Decrease DLL neural network compilation time with C++17
Just last week, I've migrated my Expression Templates Library (ETL) library to C++17, it is now also done in my Deep Learning Library (DLL) library. In ETL, this resulted in a much nicer code overall, but no real improvement in compilation time.
The objective of the migration of DLL was two-fold. First, I also wanted to
simplify some code, especially with if constexpr
. But I also especially
wanted to try to reduce the compilation time.

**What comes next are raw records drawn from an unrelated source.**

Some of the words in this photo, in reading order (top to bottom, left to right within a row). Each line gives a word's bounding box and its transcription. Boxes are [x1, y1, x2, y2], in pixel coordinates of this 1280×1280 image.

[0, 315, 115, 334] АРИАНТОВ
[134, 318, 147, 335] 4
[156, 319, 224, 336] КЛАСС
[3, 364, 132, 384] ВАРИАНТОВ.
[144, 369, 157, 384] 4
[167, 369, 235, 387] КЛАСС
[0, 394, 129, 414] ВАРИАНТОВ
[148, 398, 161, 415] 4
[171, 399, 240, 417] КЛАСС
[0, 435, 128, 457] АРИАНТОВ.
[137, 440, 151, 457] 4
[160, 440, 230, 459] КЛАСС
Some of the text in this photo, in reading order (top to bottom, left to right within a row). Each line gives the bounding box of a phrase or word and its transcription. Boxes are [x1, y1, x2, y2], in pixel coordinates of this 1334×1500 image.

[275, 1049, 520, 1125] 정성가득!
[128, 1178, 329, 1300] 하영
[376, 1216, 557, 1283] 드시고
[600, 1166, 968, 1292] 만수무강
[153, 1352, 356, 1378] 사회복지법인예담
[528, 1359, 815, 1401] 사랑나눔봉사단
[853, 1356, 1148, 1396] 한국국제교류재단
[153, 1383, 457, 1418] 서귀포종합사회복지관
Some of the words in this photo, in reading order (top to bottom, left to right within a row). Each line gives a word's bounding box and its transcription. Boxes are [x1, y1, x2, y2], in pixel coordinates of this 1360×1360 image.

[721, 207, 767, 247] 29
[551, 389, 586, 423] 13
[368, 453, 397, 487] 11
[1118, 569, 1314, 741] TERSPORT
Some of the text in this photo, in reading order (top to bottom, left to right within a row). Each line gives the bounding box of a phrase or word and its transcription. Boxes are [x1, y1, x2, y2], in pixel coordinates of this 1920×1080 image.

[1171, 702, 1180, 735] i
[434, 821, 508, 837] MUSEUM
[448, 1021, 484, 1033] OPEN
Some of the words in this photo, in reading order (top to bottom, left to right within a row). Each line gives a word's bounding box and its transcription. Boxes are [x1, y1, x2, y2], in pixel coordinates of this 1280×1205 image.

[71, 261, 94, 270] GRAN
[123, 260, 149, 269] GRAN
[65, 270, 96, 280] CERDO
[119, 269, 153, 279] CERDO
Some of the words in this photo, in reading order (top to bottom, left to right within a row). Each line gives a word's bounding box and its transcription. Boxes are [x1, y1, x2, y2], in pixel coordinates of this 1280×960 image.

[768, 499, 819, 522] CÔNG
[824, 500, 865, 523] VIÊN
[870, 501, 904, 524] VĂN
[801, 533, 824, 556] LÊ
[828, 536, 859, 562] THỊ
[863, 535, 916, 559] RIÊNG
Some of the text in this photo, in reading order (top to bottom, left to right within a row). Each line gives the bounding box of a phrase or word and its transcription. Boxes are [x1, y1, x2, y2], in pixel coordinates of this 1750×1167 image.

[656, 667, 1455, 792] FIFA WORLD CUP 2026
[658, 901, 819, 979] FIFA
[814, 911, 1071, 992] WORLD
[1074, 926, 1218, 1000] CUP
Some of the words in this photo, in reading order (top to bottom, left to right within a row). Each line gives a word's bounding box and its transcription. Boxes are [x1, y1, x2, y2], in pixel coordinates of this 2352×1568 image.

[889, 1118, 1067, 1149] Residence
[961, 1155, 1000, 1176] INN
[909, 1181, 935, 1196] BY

In the past,
I've already tried a few changes with C++17, with good results on the compilation of the entire test suite.
While this is very good, this is not very representative of users of the library.
Indeed, normally you'll have only one network in your source file not several.
The new changes will especially help in the case of many networks, but less in
the case of a single network per source file.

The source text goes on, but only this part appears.